Required work:
Would you give the listing again exactly as written, minus its pictures?

Entries supplied:
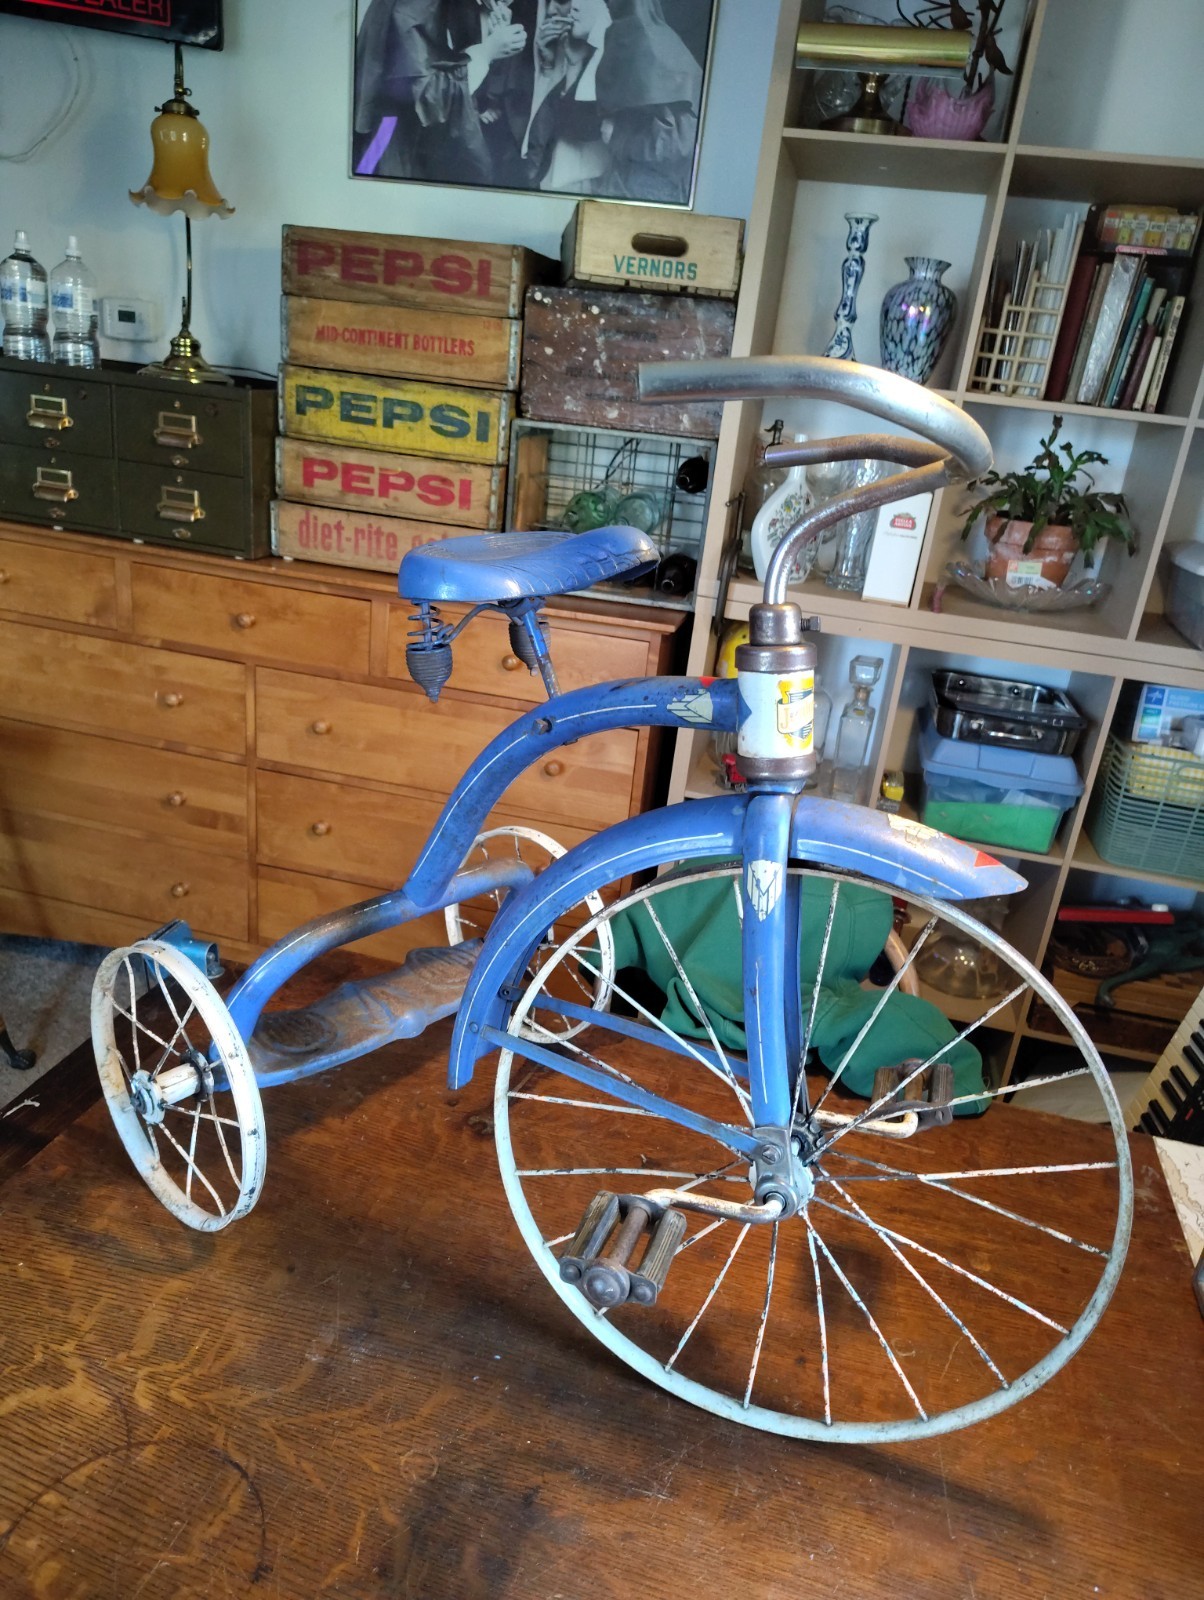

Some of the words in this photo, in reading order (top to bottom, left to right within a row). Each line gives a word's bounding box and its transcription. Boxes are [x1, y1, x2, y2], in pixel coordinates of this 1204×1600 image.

[297, 239, 492, 297] PEPSI
[613, 254, 698, 281] VERNORS
[315, 325, 409, 350] MID-CONTINENT
[413, 333, 475, 357] BOTTLERS
[295, 383, 490, 443] PEPSI
[302, 457, 473, 511] PEPSI
[298, 510, 399, 561] diet-rite
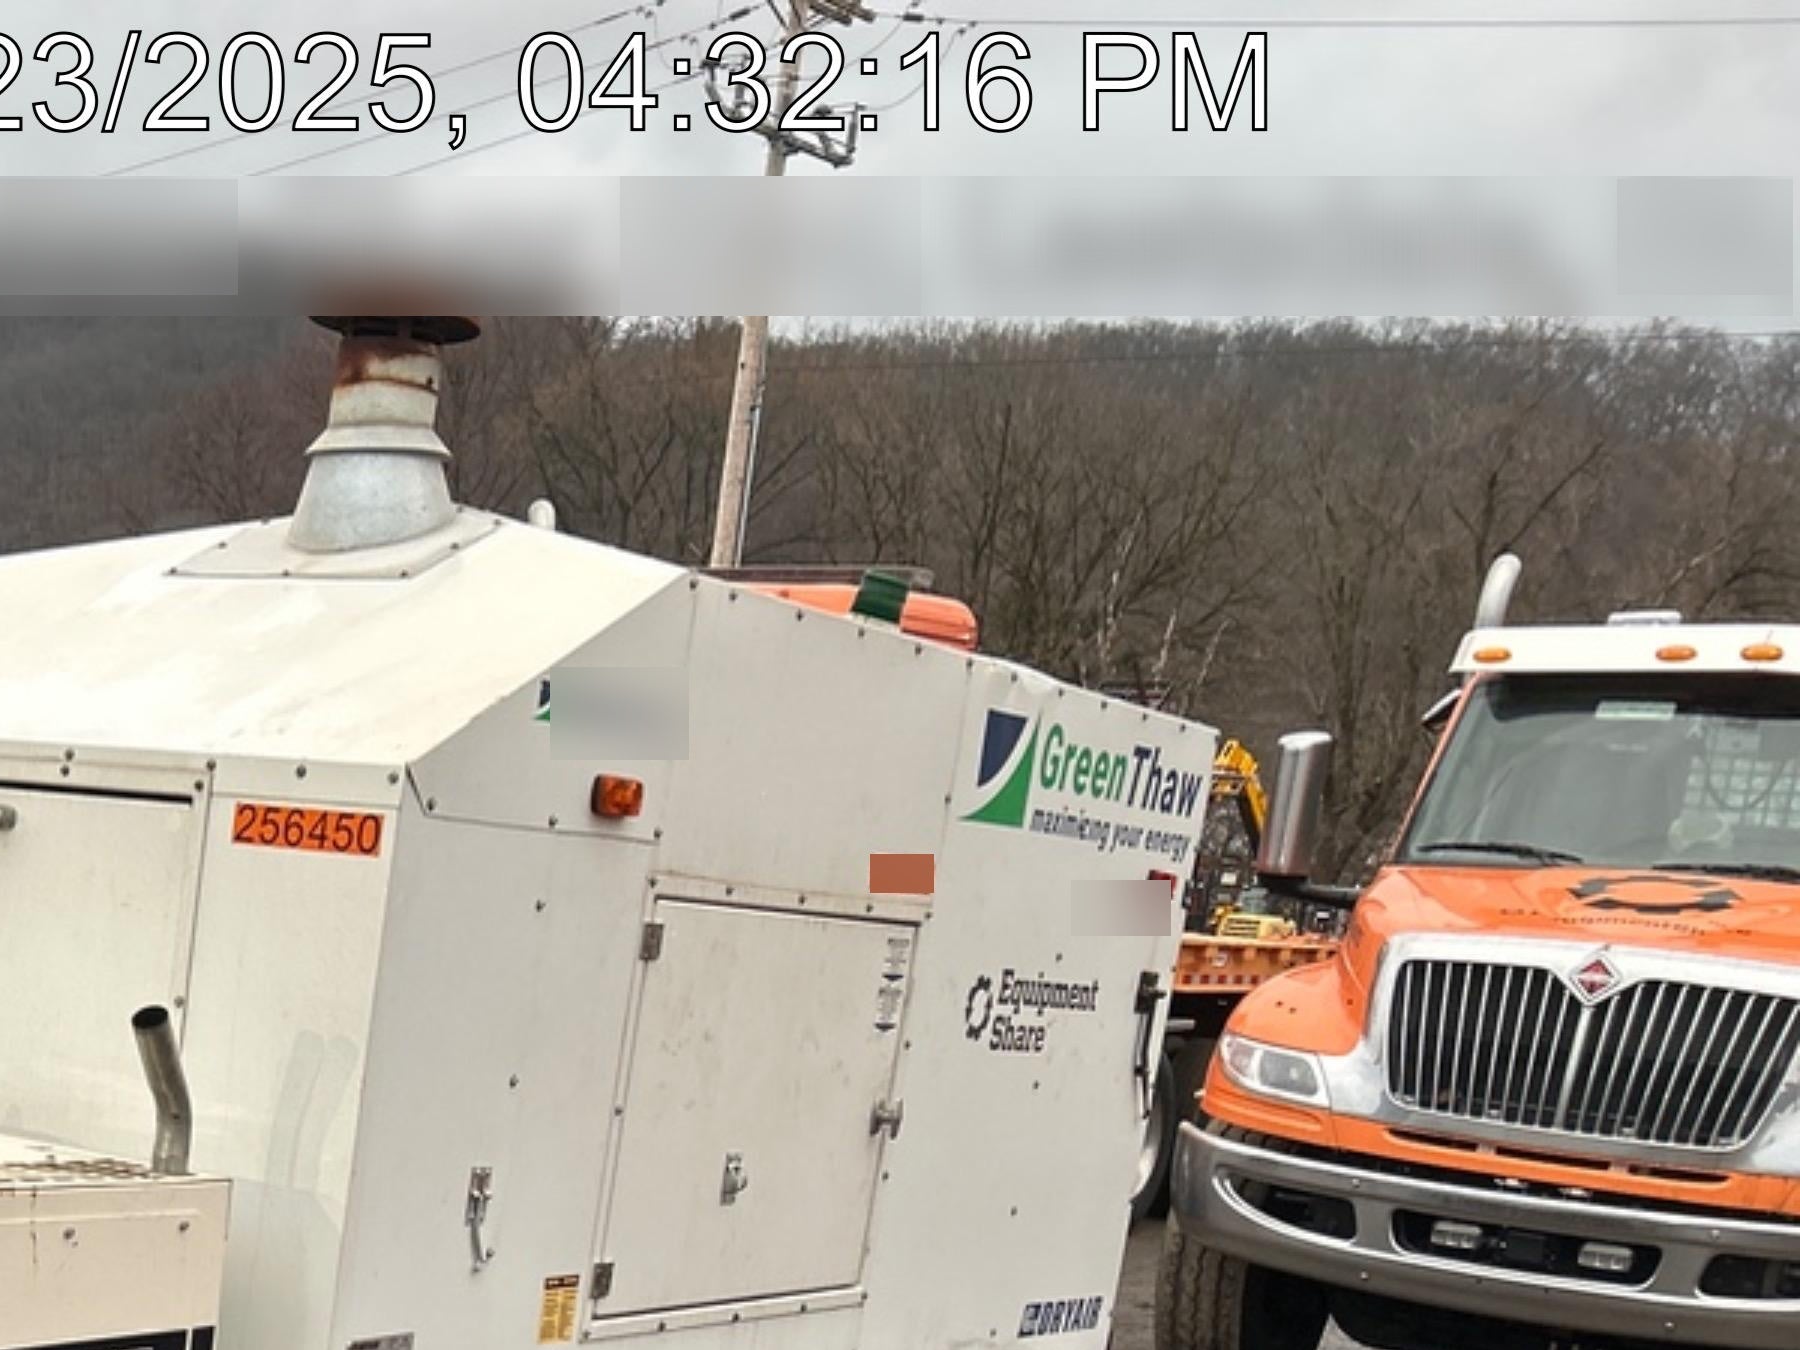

Task output:
Some of the words in this photo, in reading order (top to bottom, left to right within a row). Each line gives a word's bounding box and its transcription. Boxes are [x1, y1, x2, y2], in pixel coordinates of this 1204×1600 image.

[297, 239, 492, 297] PEPSI
[613, 254, 698, 281] VERNORS
[315, 325, 409, 350] MID-CONTINENT
[413, 333, 475, 357] BOTTLERS
[295, 383, 490, 443] PEPSI
[302, 457, 473, 511] PEPSI
[298, 510, 399, 561] diet-rite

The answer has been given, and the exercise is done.